La leyenda que perdura en las faldas del volcán
En las comunidades cercanas al Popocatépetl existe una historia que ha perdurado por generaciones: la de Gregorio Chino Popocatépetl, un personaje envuelto en misticismo que, según la leyenda local, era el espíritu personificado del volcán. Según cuentan los pobladores de Santiago Xalitzintla, en el municipio de San Nicolás de los Ranchos, este hombre de edad avanzada se aparecía a las faldas del coloso para anunciar a los lugareños cuándo el volcán entraba en actividad.
Lo extraordinario de esta creencia es que permanece viva en la memoria colectiva y en las prácticas rituales de la comunidad.
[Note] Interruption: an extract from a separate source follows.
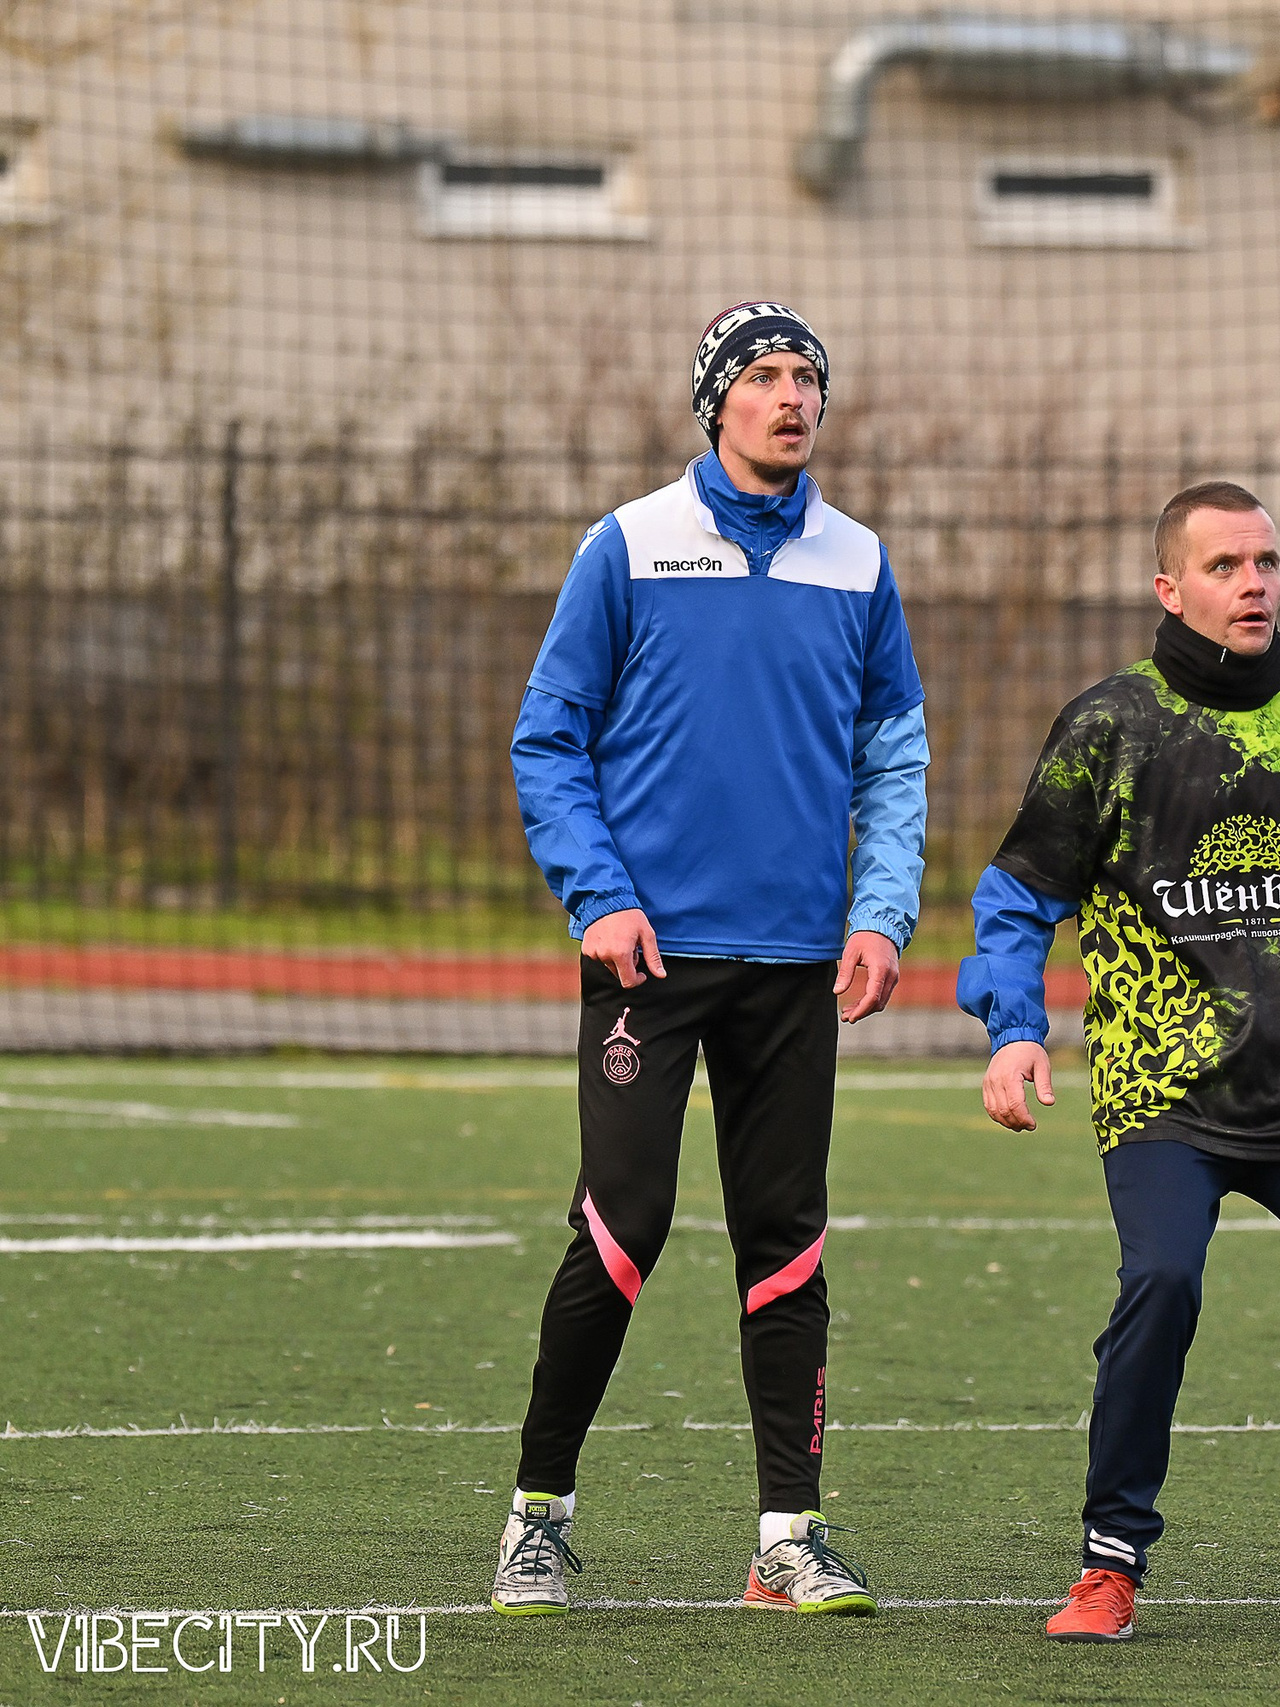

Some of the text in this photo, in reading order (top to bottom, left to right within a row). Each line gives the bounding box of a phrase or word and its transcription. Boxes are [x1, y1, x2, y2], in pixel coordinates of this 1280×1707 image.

[653, 556, 722, 572] macron
[1245, 917, 1267, 926] 1871
[608, 1046, 633, 1057] PARIS
[810, 1366, 826, 1454] PARIS
Los pobladores de Santiago Xalitzintla han adoptado cariñosamente el apodo «Don Goyo» para referirse al Popocatépetl, una acortación del nombre de la leyenda que ha trascendido generaciones.
Los Temperos: guardianes de la conexión espiritual
Dentro de esta tradición, existe un grupo especial: los llamados «Temperos», un colectivo de personas elegidas que poseen la capacidad de comunicarse con el espíritu del volcán. Pertenecen a la familia de los Analco y son considerados intermediarios entre la comunidad y la entidad sobrenatural que habita el monte.
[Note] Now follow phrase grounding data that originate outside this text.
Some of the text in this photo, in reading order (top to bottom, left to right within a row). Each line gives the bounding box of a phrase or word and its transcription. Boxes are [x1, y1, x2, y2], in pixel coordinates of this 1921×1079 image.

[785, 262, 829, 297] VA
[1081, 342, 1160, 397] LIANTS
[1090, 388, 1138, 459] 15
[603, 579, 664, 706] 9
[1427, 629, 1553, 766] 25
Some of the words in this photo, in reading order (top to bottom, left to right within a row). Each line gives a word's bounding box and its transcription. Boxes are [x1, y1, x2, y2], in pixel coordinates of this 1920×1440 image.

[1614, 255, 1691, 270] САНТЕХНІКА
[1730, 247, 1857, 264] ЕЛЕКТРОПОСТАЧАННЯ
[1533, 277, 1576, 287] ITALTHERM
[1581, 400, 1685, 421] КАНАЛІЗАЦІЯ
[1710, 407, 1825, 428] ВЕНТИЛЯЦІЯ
Estos guardianes de la tradición juegan un papel crucial en mantener viva la conexión espiritual de la comunidad con el Popocatépetl, preservando un conocimiento ancestral que forma parte de la identidad cultural de la región.
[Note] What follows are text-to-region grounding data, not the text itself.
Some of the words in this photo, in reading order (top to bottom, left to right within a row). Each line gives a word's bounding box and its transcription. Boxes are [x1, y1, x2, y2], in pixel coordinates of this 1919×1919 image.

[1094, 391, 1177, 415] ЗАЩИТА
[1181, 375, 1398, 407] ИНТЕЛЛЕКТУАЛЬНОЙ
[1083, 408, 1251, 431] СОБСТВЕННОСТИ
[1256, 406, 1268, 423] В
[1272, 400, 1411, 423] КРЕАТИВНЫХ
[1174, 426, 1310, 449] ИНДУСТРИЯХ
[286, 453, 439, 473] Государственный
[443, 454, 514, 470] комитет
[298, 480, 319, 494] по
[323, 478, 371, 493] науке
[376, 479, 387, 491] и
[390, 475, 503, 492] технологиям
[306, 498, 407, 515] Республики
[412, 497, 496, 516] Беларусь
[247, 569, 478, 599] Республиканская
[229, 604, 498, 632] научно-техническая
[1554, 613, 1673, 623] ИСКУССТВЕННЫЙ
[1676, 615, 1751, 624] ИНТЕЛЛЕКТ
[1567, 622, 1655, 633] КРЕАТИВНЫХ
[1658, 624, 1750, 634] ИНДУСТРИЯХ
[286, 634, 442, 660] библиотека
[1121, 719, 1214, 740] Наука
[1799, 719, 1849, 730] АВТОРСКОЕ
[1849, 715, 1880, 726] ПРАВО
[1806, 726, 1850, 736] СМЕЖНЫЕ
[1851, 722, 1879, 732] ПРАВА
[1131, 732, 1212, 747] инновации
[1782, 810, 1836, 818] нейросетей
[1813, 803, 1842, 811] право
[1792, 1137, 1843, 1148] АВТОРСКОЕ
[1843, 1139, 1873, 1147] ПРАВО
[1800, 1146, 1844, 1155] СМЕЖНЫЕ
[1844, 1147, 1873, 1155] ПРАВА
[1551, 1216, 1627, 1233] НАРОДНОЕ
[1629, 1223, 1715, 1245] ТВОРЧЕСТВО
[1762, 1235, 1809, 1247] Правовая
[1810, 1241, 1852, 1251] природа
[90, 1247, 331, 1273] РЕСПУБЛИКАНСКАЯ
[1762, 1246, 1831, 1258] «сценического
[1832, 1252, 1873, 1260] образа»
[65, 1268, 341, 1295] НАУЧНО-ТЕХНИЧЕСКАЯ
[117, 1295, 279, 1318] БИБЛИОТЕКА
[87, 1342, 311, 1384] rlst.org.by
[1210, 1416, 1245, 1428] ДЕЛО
La celebración anual: 12 de marzo
Cada año, el 12 de marzo —coincidiendo con el Día de Gregorio Magno—, Santiago Xalitzintla se moviliza para celebrar el cumpleaños de Don Goyo Chino Popocatépetl. La festividad es un acto colectivo donde decenas de pobladores se organizan para llevar ofrendas al pie del volcán.
Las ofrendas incluyen flores frescas, alimentos tradicionales, botellas de licor, cigarros y tortillas hechas artesanalmente. Pero lo más emotivo de la celebración es que los pobladores le cantan las «mañanitas», una costumbre mexicana que honra a los difuntos y a los seres queridos.
Preservando la memoria colectiva
José Alberto Zea Domínguez, historiador y periodista, tuvo la oportunidad hace dos años de acompañar a los pobladores de Ozumba y Atlautla en esta peregrinación, observando de cerca cómo se desarrolla esta festividad única.
La agrupación de Ozumba de Alzate ha tomado como misión preservar la memoria de esta leyenda, reconociendo su valor como patrimonio cultural inmaterial. En tiempos donde las tradiciones enfrentan el riesgo de desaparecer, iniciativas como estas son fundamentales para mantener viva la cosmovisión y la identidad de las comunidades indígenas y campesinas.
La celebración de Don Goyo no es un simple acto folclórico, sino una manifestación profunda de la relación que existe entre los pueblos originarios y la naturaleza, donde el respeto, la reverencia y la memoria juegan papeles esenciales en la continuidad cultural.